In 1793 the manor contained open arable called Neatham, North Hill, and East and West End fields, which lay between the village and the downs on either side of the Devizes-Pewsey road. Downland within the manor was then estimated at 605 a. Of that total East and West cow downs contained 140 a. each, the Cow Drove 33 a., the East End sheep down 141 a., and the West End sheep down 117 a. The manorial estate at that date contained 5 holdings at rack-rent, totalling 101 a., 8 copyholds also totalling 101 a., and 5 leaseholds containing a total of 74 a. All tenants within the manor then had common pasture rights for specified numbers of sheep; although the numbers allowed were often disproportionate to the size of their holdings, in general the custom was 30 sheep to half a yardland and 60 sheep to a yardland. The demesne was represented by 437 a. in the eastern half of the tithing then known as Wilsford farm and let at rack-rent to Thomas Hayter. (fn. 108) Part, at least, of the demesne seems to have been consolidated at a fairly early date and in 1502 the farmer was expressly enjoined to maintain certain hedges inclosing an unspecified amount of arable and meadow. (fn. 109) The demesne farm had in 1793, besides its fields, meadow, and downland, 16 a. of watermeadows, 5 a. in Neatham (part of the open fields), and 13 a. of pasture in West and Catbane meadows. (fn. 110)

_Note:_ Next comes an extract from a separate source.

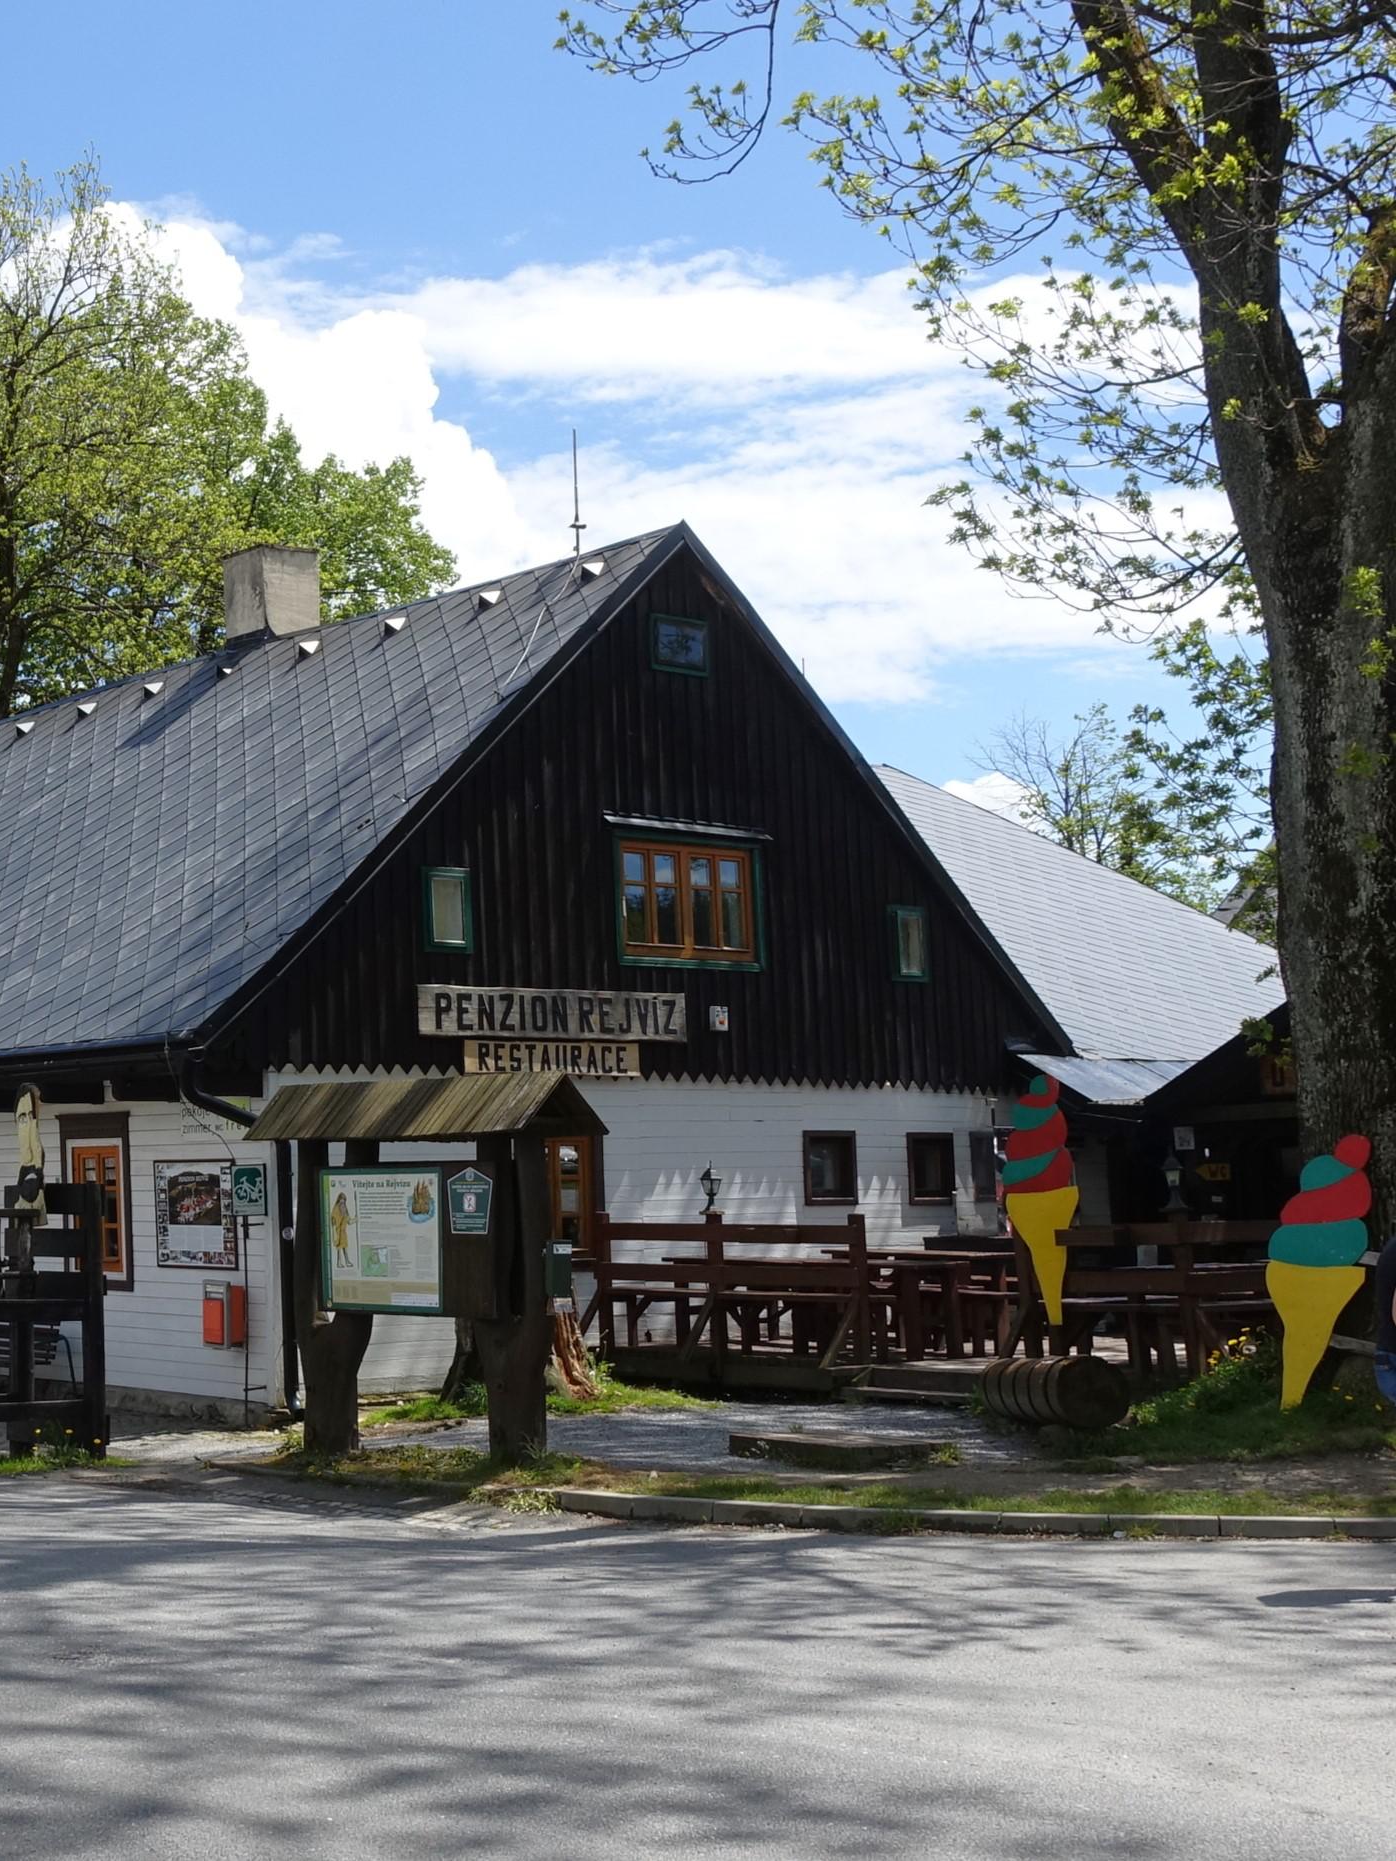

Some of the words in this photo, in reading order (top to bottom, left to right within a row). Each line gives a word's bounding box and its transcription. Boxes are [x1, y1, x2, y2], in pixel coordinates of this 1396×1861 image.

[434, 992, 569, 1033] PENZION
[477, 1042, 628, 1074] RESTAURACE
[1208, 1165, 1228, 1178] WC

Little is known of the progress of inclosure in the tithing. In 1745 a tenant within the manor was presented for inclosing part of Ruslett common. (fn. 111) In 1808 a total of 1,617 a. was inclosed. The lord of Wilsford manor, Francis Dugdale Astley, was allotted 480 a. for the demesne farm and received 496 a. for the Wilsford Dauntsey estate, which he had acquired a few years earlier, and another 276 a. for another two small estates within the manor. In addition his 3 leasehold tenants were allotted a total of 35 a., and his 9 copyhold tenants, 255 a. (fn. 112)
During the next thirty years both the Wilsford manor and the Wilsford Dauntsey estates were considerably enlarged by the addition of leasehold and copyhold lands. Thus in 1844 the one was estimated at 782 a. and the other at 706 a. In addition an estate made up of both leasehold and copyhold land totalling 108 a. was tenanted under the lord of the manor by Jacob Stratton, a member of a prominent Wiltshire farming family. (fn. 113)
T.R.E. Manningford Bohune was assessed for geld at three hides and a half and was worth 3s. By 1086 its value had doubled and there was land on the estate for a plough and a half. There were four bordars. (fn. 114) In 1361 of the 24 tenants 5 free tenants paid £2 6s. 4d., 8 virgaters £4, and 6 half-virgaters £1 10s., while 5 cottars paid 10s. (fn. 115) In 1412 there were 6 virgaters, 6 half-virgaters, and 5 holders of 'acremanplaces', while at least 9 holdings, including 4 'acremanplaces', were in the lord's hands. All customary tenants were then expected to perform general summer and autumn labour services. Besides the usual ploughing and harvesting works the six virgaters and one of the half-virgaters owed carting duties. (fn. 116) There were 4 freeholds on the estate in 1591 and during the 17th century 7 copyholds. (fn. 117) In 1725 there were still 4 freeholders, 10 leaseholders, and 8 copyholders, and in 1805 2 leaseholders and 6 copyholders. (fn. 118)
The demesne was extended at 60 a. of arable and 12 a. of meadow in 1361, and contained pasture for 80 great cattle worth 20s. and for 400 sheep worth 6s. 8d. (fn. 119) In 1412 the demesne lands were farmed at £20 yearly, and in 1426 at £16 13s. 4d. (fn. 120) In 1453 and until the mid 16th century the farm was fixed at £12 yearly. (fn. 121) The demesne arable was estimated at 176 a., and demesne meadow and pasture at 160 a. in 1558. (fn. 122) In 1664 the demesne farm was reckoned to contain ten yardlands and was farmed at £174 yearly. (fn. 123) It was represented in the 19th and 20th centuries by Manor farm.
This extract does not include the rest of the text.